==== EXERCISE DATA ====

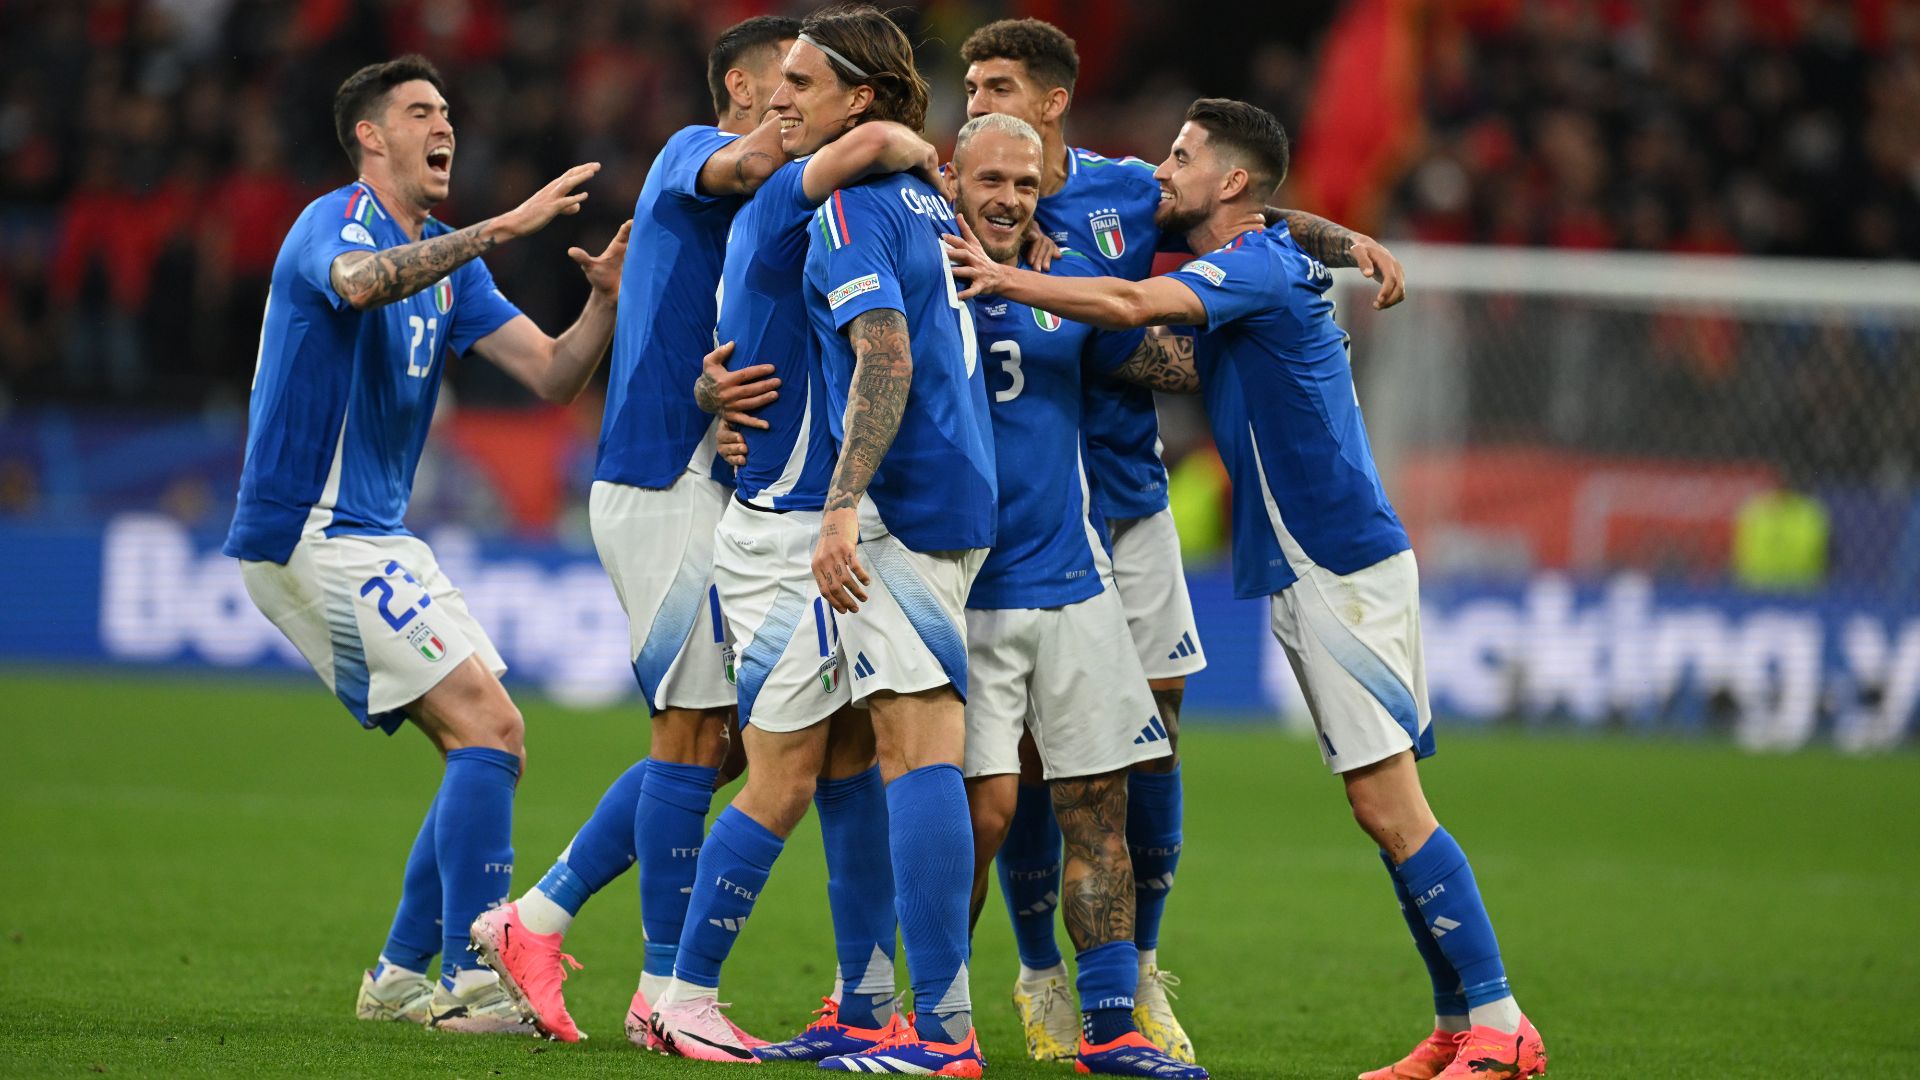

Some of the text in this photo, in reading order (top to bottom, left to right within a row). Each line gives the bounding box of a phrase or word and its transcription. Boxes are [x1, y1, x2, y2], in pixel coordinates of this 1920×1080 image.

[1093, 217, 1118, 230] ITALIA
[829, 278, 878, 305] FOUNDATION
[407, 315, 437, 378] 23
[990, 340, 1024, 403] 3
[413, 629, 431, 648] ITALIA
[725, 652, 737, 662] ITA
[820, 659, 838, 672] ITALIA
[671, 847, 701, 858] ITA
[484, 862, 513, 874] ITA
[1415, 883, 1445, 908] ALIA
[1099, 996, 1135, 1009] ITALI
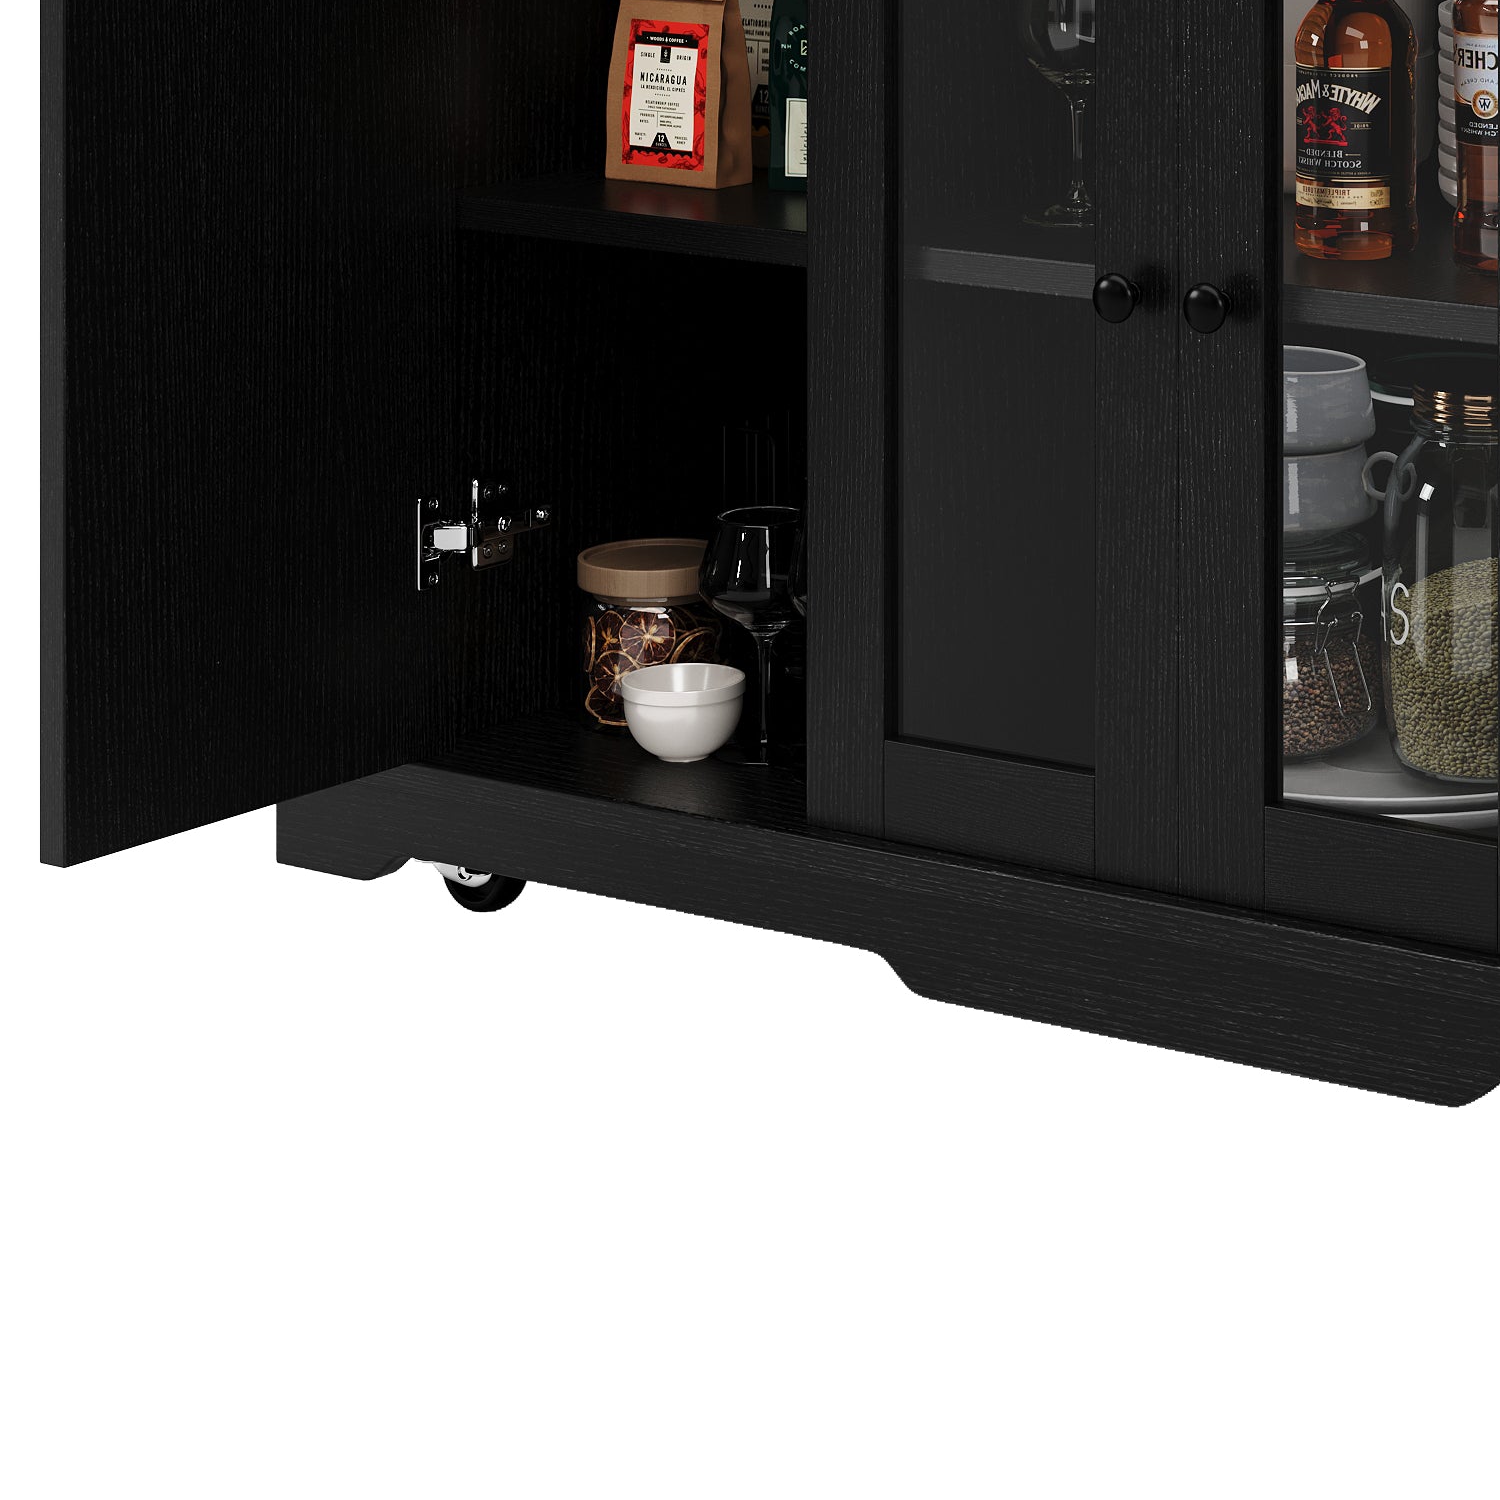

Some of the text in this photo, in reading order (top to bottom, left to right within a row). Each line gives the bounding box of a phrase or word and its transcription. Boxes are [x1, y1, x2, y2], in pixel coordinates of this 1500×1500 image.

[640, 51, 656, 59] SINGLE
[640, 71, 687, 86] NICARAGUA
[657, 134, 665, 143] 12

====

> _THE PROBLEM_
Omitting the images, transcribe every record exactly.

> _WRITTEN RESPONSE_
Some of the text in this photo, in reading order (top to bottom, left to right within a row). Each line gives the bounding box of a phrase or word and its transcription. Boxes are [x1, y1, x2, y2], in pixel coordinates of this 1920×1080 image.

[1093, 217, 1118, 230] ITALIA
[829, 278, 878, 305] FOUNDATION
[407, 315, 437, 378] 23
[990, 340, 1024, 403] 3
[413, 629, 431, 648] ITALIA
[725, 652, 737, 662] ITA
[820, 659, 838, 672] ITALIA
[671, 847, 701, 858] ITA
[484, 862, 513, 874] ITA
[1415, 883, 1445, 908] ALIA
[1099, 996, 1135, 1009] ITALI

Some of the text in this photo, in reading order (top to bottom, left to right within a row). Each line gives the bounding box of a phrase or word and its transcription. Boxes are [x1, y1, x2, y2], in pixel coordinates of this 1500×1500 image.

[640, 51, 656, 59] SINGLE
[640, 71, 687, 86] NICARAGUA
[657, 134, 665, 143] 12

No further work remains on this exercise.